Mainstream think tanks are now focused on it – see the recent Aspen Institute report, which focuses extensively on “the new economy of personal information” and the central role of individuals in it.

Governments are also catalyzing this new model. The Midata initiative in the U.K. and the Open Data initiative in the United States are giving back government-collected data to citizens in organized, reusable form.

But what’s most interesting is the growing realization among companies that their futures are tied to building new relationships with consumers who are increasingly empowered with and savvy about their digital data, and who have growing concerns about how their data is captured and used.

That’s why a new report released today by the World Economic Forum, whose membership is made up of Fortune 1000 companies, is so important. “Unlocking the Value of Personal Data: From Collection to Usage” is a product of the Forum’s multi-year Rethinking Personal Data Project, and was led by Forum official Bill Hoffman (see his blog today on the report) and a steering committee of the Boston Consulting Group, Kaiser Permanente, Visa, Microsoft, AT&T and VimpelCom.
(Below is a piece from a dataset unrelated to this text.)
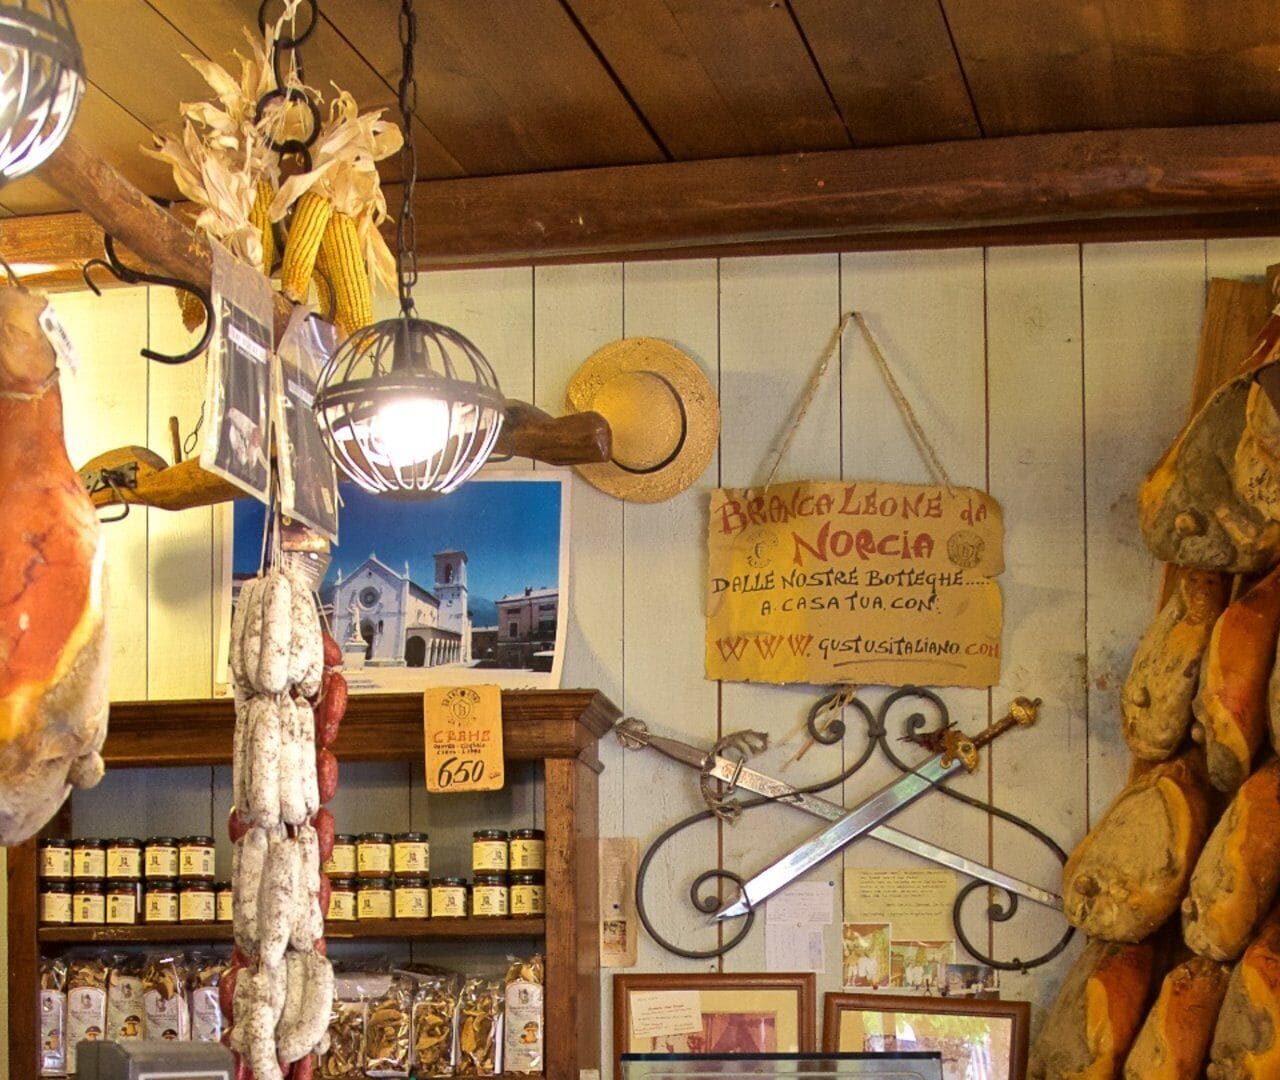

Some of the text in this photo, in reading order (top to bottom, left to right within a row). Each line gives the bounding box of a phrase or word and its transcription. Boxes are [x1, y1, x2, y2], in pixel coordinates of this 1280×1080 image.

[712, 570, 776, 594] DALLE
[781, 566, 859, 590] NOSTRE
[782, 596, 840, 611] CASA
Personal also participated, and is a member of the Forum’s Global Agenda Council on Data-Driven Development.

When you consider the organizations behind the report, its major conclusions are all the more dramatic:

    • Companies and governments need to put people at the center of their data, empowering individuals to engage in how their data flows through technology. This means giving consumers greater access to and control over their information as well as the tools to benefit directly from it.
    • We need to move past old notions of privacy that revolved around simple notice and consent. Instead, companies should adopt Privacy by Design principles that address every stage of product, technology and business development. This would ensure, for example, that apps feature user-driven permissioning of data and have greater transparency and control over how it’s used and valued.
    • The report blows a hole through the canard that e-commerce and privacy cannot peacefully coexist. It’s not a zero-sum game. Instead, it’s a win-win for businesses and consumers where even more data can flow between trusted parties.
    • Perhaps most exciting, the report detailed a number of use cases in which companies are helping consumers to leverage their personal information to improve their lives, ranging from health care (Kaiser Permanente) to financial data (Visa) to automotive price transparency (Truecar) to online reputational information (Reputation.com).
    • Personal was also profiled to demonstrate how personal data vaults can make the time-wasting tradition of form filling obsolete, saving literally billions of hours annually, and greatly improving the delivery of public and private sector services. Check out www.personal.com/fillit to see how your company or organization can participate.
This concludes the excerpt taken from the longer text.